Mais François, lui, était resté. Et lui non plus n’était pas un garçon comme les autres, finalement. Il était là, à attendre dans le noir, sur cette île au milieu du lac, avec le cœur qui battait un peu trop fort et la flamme de Hunfen dans la paume. Pas juste celle qu’il avait apprise, celle qu’il avait allumée en lui. Celle de la colère et du courage, mêlés. Celle qui vous faisait affronter des dragons, même si vous vous faisiez sèchement laminer. Il ferma les doigts, lentement. La flamme s’éteignit dans un petit souffle d’air. L’obscurité revint aussitôt, plus épaisse, plus présente.

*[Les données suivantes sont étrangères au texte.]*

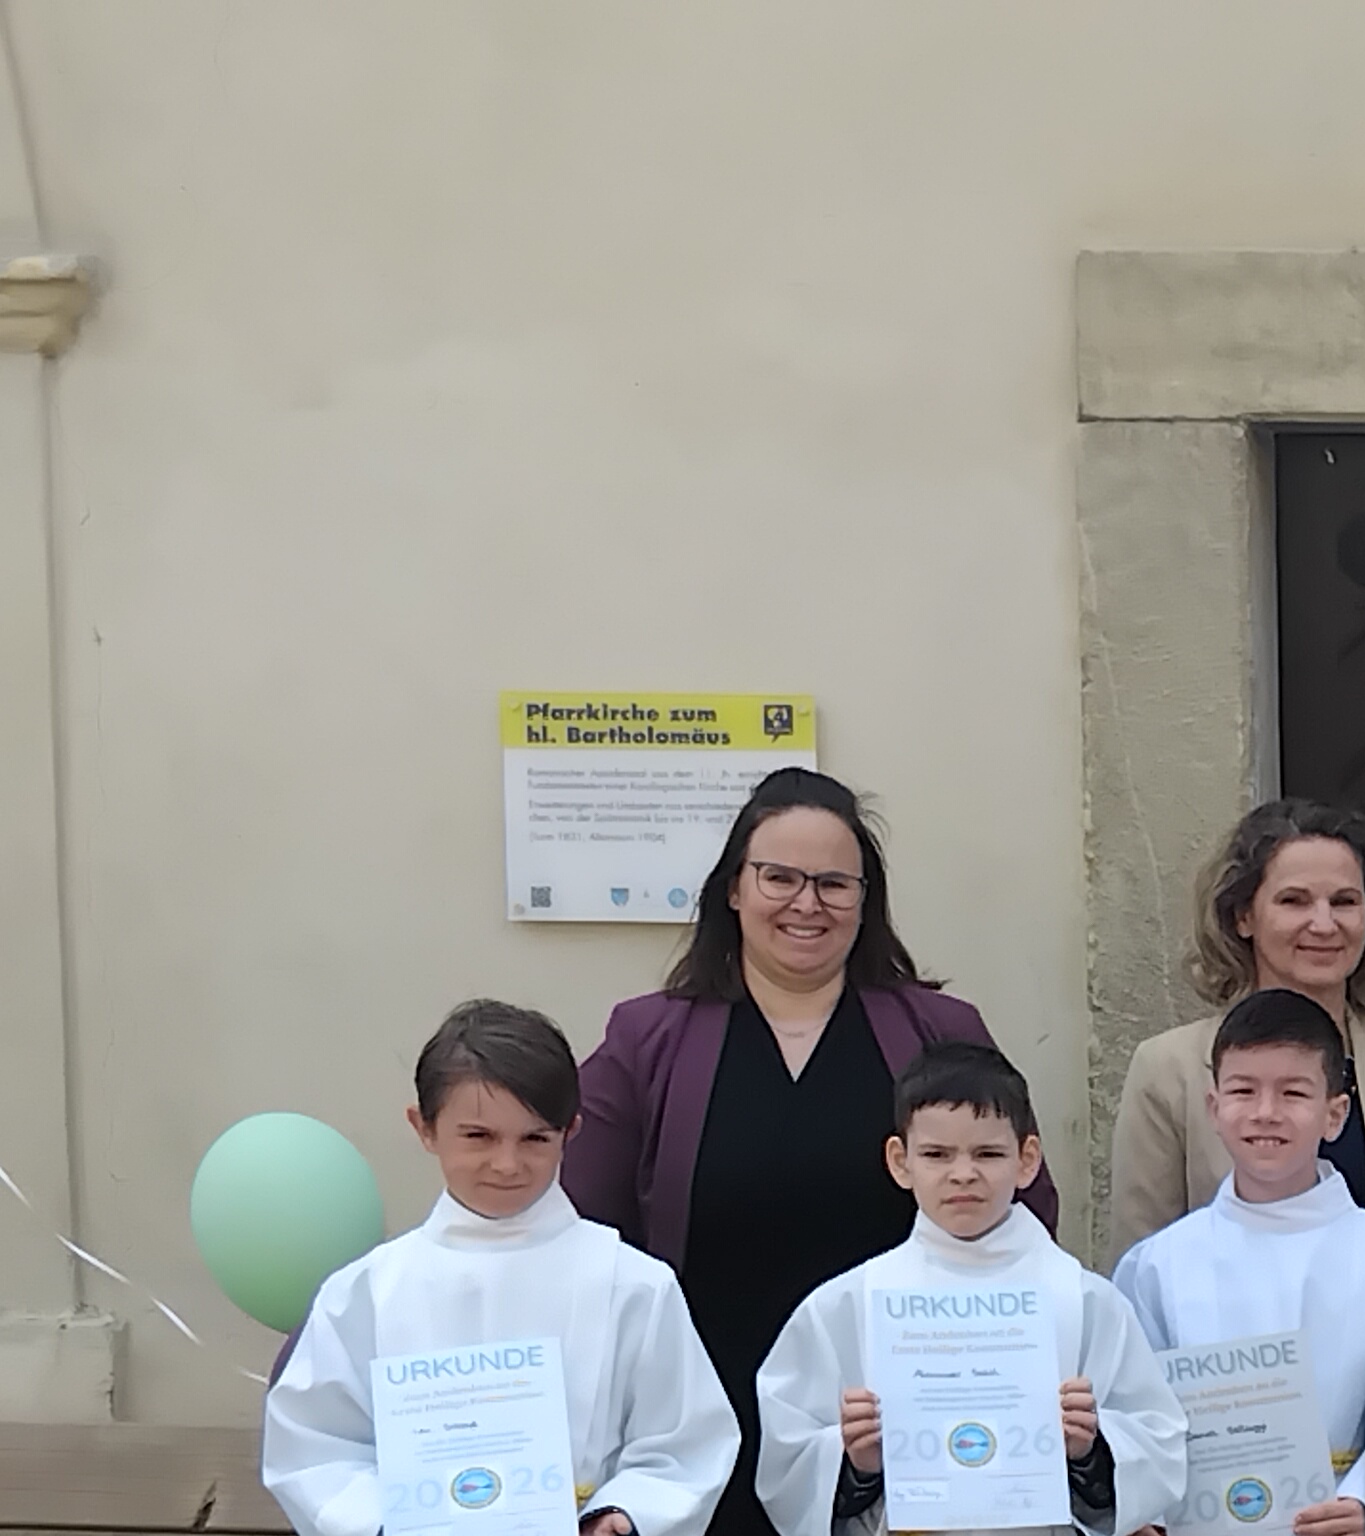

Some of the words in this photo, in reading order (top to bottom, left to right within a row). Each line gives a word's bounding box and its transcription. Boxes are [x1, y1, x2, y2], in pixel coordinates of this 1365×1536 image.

[526, 703, 660, 722] Pfarrkirche
[669, 708, 717, 722] zum
[526, 725, 557, 744] hl.
[567, 726, 731, 745] Bartholomäus
[886, 1291, 1039, 1319] URKUNDE
[386, 1345, 546, 1386] URKUNDE

Le froid s’insinua à nouveau contre sa peau, mais il ne le sentait plus vraiment. Quelque chose brûlait toujours en lui. Un feu qu’il ne pouvait plus éteindre.

Il attendait… et en attendant, il se souvenait.

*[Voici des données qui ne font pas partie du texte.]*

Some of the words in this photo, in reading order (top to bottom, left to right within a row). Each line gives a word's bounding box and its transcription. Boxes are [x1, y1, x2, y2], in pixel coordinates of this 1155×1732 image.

Tout avait vraiment commencé cette nuit-là, juste après le coup contre Brand-Shei. Le plan était simple : François devait glisser un anneau volé dans la poche du marchand elfe noir, pendant que Hroar détournait l’attention. Mais au moment crucial, les choses avaient dérapé. L’anneau était tombé avant que les gardes ne fouillent le Dunmer, le piège avait échoué. Brynjolf avait grogné quelque chose entre ses dents, puis s’était contenté de hausser les épaules.

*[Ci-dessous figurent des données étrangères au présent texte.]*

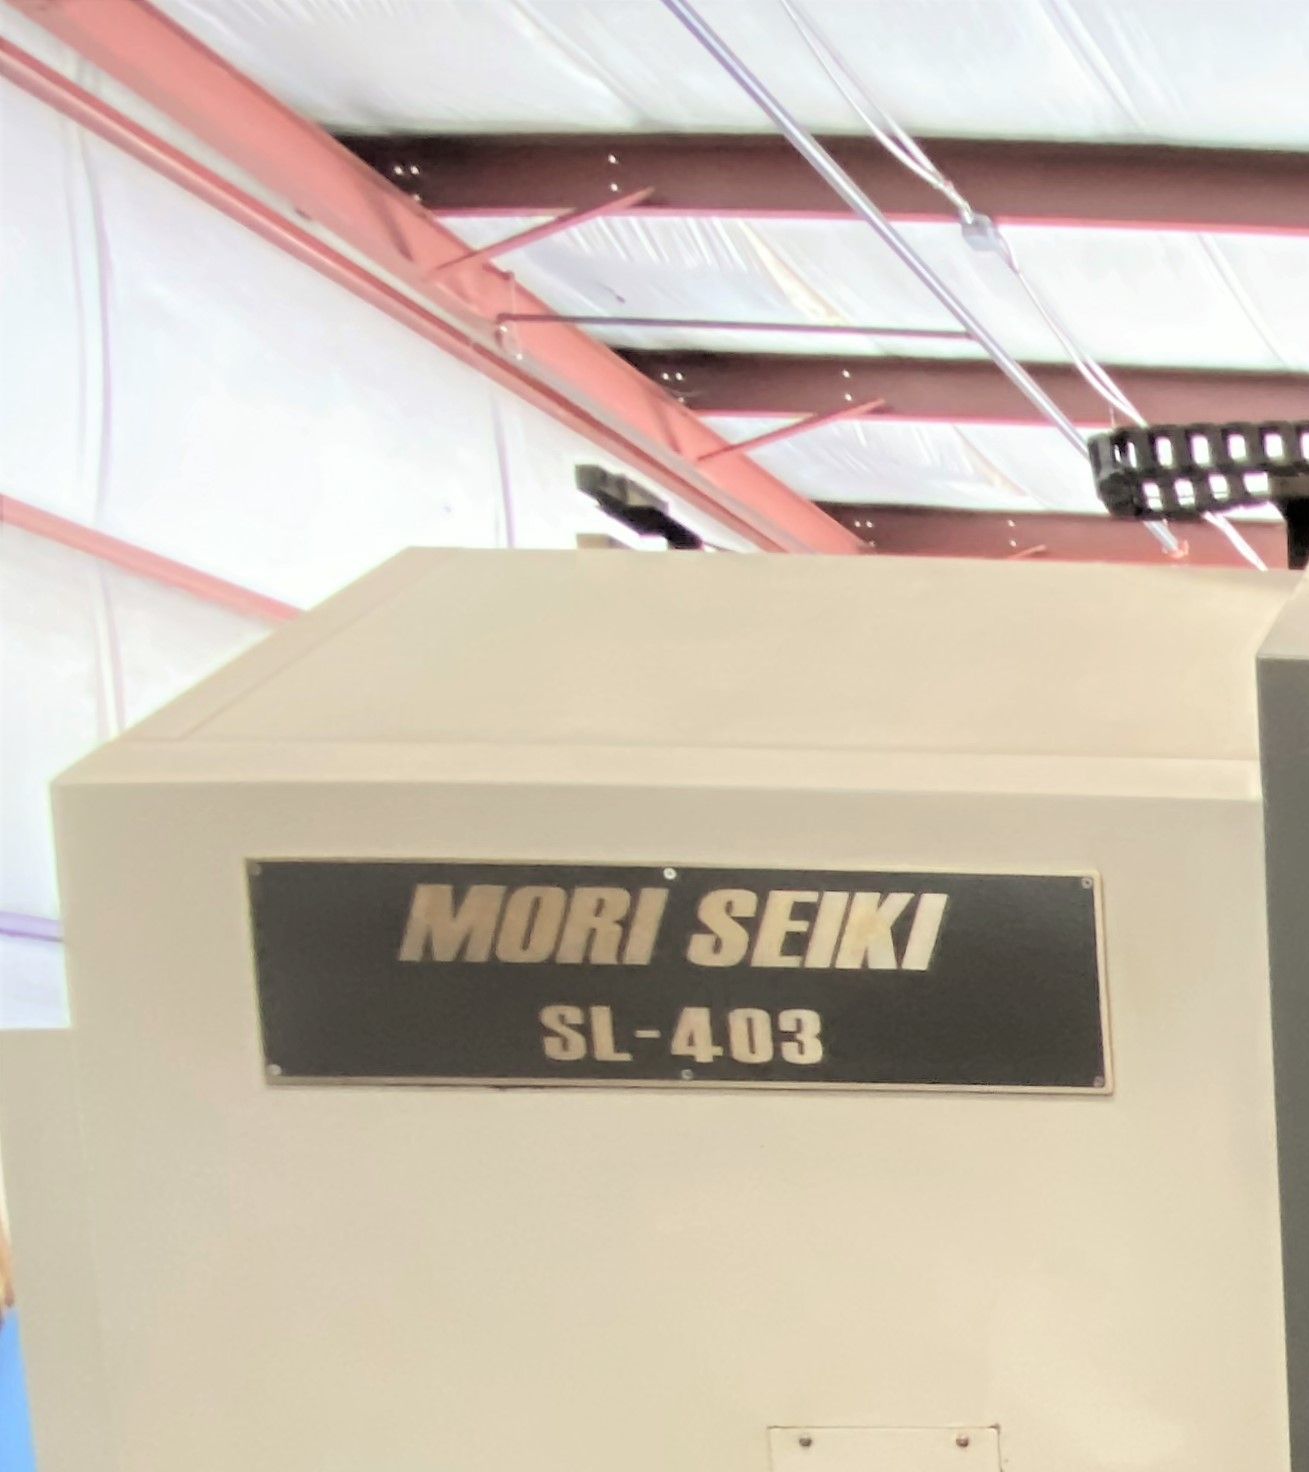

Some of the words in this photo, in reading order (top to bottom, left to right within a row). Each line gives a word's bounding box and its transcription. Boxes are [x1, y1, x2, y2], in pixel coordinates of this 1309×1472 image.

[399, 884, 669, 965] MORI
[686, 888, 949, 971] SEIKI
[538, 1004, 825, 1065] SL-403

« La malchance, ça arrive. »

François et Hroar avaient cru à une réprimande, un rejet, pire, à des représailles. Mais le roublard leur avait donné rendez-vous cette nuit-là, à l’entrée de la Souricière. À minuit, alors qu’ils se faufilaient discrètement hors de l’orphelinat, ils avaient trouvé Brynjolf accoudé à la grille, l’air de les attendre comme de vieux amis.

« Vous êtes revenus. C’est bon signe. Vous avez du cran. Et ça, c’est peut-être encore plus important que des doigts de fée. Venez. »

Il les avait guidés à travers un passage étroit et humide, dans les anciens égouts de Faillaise. Là, dans l’obscurité moite du repaire, François s’était senti… grand. Comme s’il passait un seuil invisible. Comme si, pour la première fois, quelqu’un les prenait au sérieux. Brynjolf leur avait présenté les quelques membres présents ce soir-là : Vex, une femme mince et rapide comme un couteau lancé, Dirge, un colosse balafré qui les avait à peine salués, et Delvin Mallory, un vieux roublard au sourire en coin, qui avait tapoté l’épaule de François d’un air complice :

« Les petits qui écoutent bien et parlent peu, ça vaut de l’or. Et toi, t’as l’air de faire les deux. »

François n’avait rien dit, il n’en avait pas eu besoin.

Les jours suivants avaient filé comme dans un rêve. Ils s’étaient vu confier de petites tâches : vols à la tire sur le marché, livraisons discrètes, surveillance de cibles, faire le guet pour couvrir des aînés plus expérimentés. Parfois, on leur faisait juste semer la confusion : faire tomber un panier de fruits, renverser une échelle, ou simplement faire semblant de se battre pour détourner l’attention. Rien de grand, rien d’héroïque, mais tout comptait. Et à chaque fois, une bourse de quelques pièces tombait dans leurs mains.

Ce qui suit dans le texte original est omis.